_TASK BRIEF:_ The entries below are to be copied exactly, with nothing left out.

Records excerpted from a collection:
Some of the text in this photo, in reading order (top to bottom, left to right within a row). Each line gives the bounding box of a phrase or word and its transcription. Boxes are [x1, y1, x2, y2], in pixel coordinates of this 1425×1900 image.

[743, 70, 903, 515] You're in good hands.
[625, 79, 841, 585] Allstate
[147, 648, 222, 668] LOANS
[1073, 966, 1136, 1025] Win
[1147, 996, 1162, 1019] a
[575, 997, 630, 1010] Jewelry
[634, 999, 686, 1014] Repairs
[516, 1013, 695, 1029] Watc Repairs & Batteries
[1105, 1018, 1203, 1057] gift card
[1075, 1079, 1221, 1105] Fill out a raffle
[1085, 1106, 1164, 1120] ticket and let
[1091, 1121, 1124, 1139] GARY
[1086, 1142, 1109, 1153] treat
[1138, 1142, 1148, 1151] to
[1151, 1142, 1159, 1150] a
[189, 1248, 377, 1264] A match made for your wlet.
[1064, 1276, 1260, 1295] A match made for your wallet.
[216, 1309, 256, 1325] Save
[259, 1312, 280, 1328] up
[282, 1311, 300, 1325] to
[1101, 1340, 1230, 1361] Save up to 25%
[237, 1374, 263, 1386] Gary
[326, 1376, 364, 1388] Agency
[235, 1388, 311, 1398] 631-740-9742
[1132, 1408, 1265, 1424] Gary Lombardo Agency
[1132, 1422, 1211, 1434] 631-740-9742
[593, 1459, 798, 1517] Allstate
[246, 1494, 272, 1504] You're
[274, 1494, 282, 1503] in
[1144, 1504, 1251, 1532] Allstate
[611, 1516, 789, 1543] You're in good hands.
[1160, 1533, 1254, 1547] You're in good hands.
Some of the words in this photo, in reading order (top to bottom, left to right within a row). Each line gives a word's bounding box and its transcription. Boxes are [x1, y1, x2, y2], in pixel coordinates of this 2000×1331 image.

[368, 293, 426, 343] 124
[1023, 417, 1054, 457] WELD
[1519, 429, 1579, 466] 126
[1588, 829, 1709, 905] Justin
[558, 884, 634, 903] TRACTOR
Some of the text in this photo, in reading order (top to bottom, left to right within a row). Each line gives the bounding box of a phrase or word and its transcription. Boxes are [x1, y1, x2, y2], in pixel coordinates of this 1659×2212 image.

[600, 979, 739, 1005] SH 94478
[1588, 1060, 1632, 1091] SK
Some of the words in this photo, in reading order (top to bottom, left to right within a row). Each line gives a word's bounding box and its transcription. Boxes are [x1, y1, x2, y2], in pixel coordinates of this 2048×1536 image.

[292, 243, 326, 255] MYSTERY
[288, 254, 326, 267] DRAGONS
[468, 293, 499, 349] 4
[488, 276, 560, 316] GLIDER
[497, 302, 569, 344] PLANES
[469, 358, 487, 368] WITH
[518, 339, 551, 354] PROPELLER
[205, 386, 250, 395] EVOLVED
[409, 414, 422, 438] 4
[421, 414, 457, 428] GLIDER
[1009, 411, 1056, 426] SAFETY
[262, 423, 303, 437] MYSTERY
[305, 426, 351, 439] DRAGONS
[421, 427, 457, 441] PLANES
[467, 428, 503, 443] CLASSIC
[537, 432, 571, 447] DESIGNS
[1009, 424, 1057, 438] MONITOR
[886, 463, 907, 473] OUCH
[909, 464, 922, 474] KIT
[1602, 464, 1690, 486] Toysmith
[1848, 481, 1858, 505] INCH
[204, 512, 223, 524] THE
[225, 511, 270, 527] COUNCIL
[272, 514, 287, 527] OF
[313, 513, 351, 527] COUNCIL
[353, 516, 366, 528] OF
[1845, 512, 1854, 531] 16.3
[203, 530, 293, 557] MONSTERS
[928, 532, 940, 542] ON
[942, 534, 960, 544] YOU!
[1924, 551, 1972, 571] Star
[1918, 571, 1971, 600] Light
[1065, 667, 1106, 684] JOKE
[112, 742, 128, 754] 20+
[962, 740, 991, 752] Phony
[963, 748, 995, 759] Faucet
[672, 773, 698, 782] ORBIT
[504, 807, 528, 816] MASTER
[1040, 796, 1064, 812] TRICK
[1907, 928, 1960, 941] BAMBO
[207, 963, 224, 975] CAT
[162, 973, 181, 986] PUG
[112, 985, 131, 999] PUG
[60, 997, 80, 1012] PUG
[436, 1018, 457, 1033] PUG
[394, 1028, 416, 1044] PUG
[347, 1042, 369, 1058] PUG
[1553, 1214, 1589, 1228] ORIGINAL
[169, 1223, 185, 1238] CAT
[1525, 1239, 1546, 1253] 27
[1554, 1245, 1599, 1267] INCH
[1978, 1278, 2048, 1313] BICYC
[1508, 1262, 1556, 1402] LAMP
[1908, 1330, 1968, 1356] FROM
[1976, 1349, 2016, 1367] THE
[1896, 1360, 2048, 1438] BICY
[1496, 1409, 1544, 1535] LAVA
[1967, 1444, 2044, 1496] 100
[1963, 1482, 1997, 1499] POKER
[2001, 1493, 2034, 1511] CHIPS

_EXERCISE SOLUTION:_
Some of the text in this photo, in reading order (top to bottom, left to right within a row). Each line gives the bounding box of a phrase or word and its transcription. Boxes are [x1, y1, x2, y2], in pixel coordinates of this 1425×1900 image.

[743, 70, 903, 515] You're in good hands.
[625, 79, 841, 585] Allstate
[147, 648, 222, 668] LOANS
[1073, 966, 1136, 1025] Win
[1147, 996, 1162, 1019] a
[575, 997, 630, 1010] Jewelry
[634, 999, 686, 1014] Repairs
[516, 1013, 695, 1029] Watc Repairs & Batteries
[1105, 1018, 1203, 1057] gift card
[1075, 1079, 1221, 1105] Fill out a raffle
[1085, 1106, 1164, 1120] ticket and let
[1091, 1121, 1124, 1139] GARY
[1086, 1142, 1109, 1153] treat
[1138, 1142, 1148, 1151] to
[1151, 1142, 1159, 1150] a
[189, 1248, 377, 1264] A match made for your wlet.
[1064, 1276, 1260, 1295] A match made for your wallet.
[216, 1309, 256, 1325] Save
[259, 1312, 280, 1328] up
[282, 1311, 300, 1325] to
[1101, 1340, 1230, 1361] Save up to 25%
[237, 1374, 263, 1386] Gary
[326, 1376, 364, 1388] Agency
[235, 1388, 311, 1398] 631-740-9742
[1132, 1408, 1265, 1424] Gary Lombardo Agency
[1132, 1422, 1211, 1434] 631-740-9742
[593, 1459, 798, 1517] Allstate
[246, 1494, 272, 1504] You're
[274, 1494, 282, 1503] in
[1144, 1504, 1251, 1532] Allstate
[611, 1516, 789, 1543] You're in good hands.
[1160, 1533, 1254, 1547] You're in good hands.
Some of the words in this photo, in reading order (top to bottom, left to right within a row). Each line gives a word's bounding box and its transcription. Boxes are [x1, y1, x2, y2], in pixel coordinates of this 2000×1331 image.

[368, 293, 426, 343] 124
[1023, 417, 1054, 457] WELD
[1519, 429, 1579, 466] 126
[1588, 829, 1709, 905] Justin
[558, 884, 634, 903] TRACTOR
Some of the text in this photo, in reading order (top to bottom, left to right within a row). Each line gives the bounding box of a phrase or word and its transcription. Boxes are [x1, y1, x2, y2], in pixel coordinates of this 1659×2212 image.

[600, 979, 739, 1005] SH 94478
[1588, 1060, 1632, 1091] SK
Some of the words in this photo, in reading order (top to bottom, left to right within a row). Each line gives a word's bounding box and its transcription. Boxes are [x1, y1, x2, y2], in pixel coordinates of this 2048×1536 image.

[292, 243, 326, 255] MYSTERY
[288, 254, 326, 267] DRAGONS
[468, 293, 499, 349] 4
[488, 276, 560, 316] GLIDER
[497, 302, 569, 344] PLANES
[469, 358, 487, 368] WITH
[518, 339, 551, 354] PROPELLER
[205, 386, 250, 395] EVOLVED
[409, 414, 422, 438] 4
[421, 414, 457, 428] GLIDER
[1009, 411, 1056, 426] SAFETY
[262, 423, 303, 437] MYSTERY
[305, 426, 351, 439] DRAGONS
[421, 427, 457, 441] PLANES
[467, 428, 503, 443] CLASSIC
[537, 432, 571, 447] DESIGNS
[1009, 424, 1057, 438] MONITOR
[886, 463, 907, 473] OUCH
[909, 464, 922, 474] KIT
[1602, 464, 1690, 486] Toysmith
[1848, 481, 1858, 505] INCH
[204, 512, 223, 524] THE
[225, 511, 270, 527] COUNCIL
[272, 514, 287, 527] OF
[313, 513, 351, 527] COUNCIL
[353, 516, 366, 528] OF
[1845, 512, 1854, 531] 16.3
[203, 530, 293, 557] MONSTERS
[928, 532, 940, 542] ON
[942, 534, 960, 544] YOU!
[1924, 551, 1972, 571] Star
[1918, 571, 1971, 600] Light
[1065, 667, 1106, 684] JOKE
[112, 742, 128, 754] 20+
[962, 740, 991, 752] Phony
[963, 748, 995, 759] Faucet
[672, 773, 698, 782] ORBIT
[504, 807, 528, 816] MASTER
[1040, 796, 1064, 812] TRICK
[1907, 928, 1960, 941] BAMBO
[207, 963, 224, 975] CAT
[162, 973, 181, 986] PUG
[112, 985, 131, 999] PUG
[60, 997, 80, 1012] PUG
[436, 1018, 457, 1033] PUG
[394, 1028, 416, 1044] PUG
[347, 1042, 369, 1058] PUG
[1553, 1214, 1589, 1228] ORIGINAL
[169, 1223, 185, 1238] CAT
[1525, 1239, 1546, 1253] 27
[1554, 1245, 1599, 1267] INCH
[1978, 1278, 2048, 1313] BICYC
[1508, 1262, 1556, 1402] LAMP
[1908, 1330, 1968, 1356] FROM
[1976, 1349, 2016, 1367] THE
[1896, 1360, 2048, 1438] BICY
[1496, 1409, 1544, 1535] LAVA
[1967, 1444, 2044, 1496] 100
[1963, 1482, 1997, 1499] POKER
[2001, 1493, 2034, 1511] CHIPS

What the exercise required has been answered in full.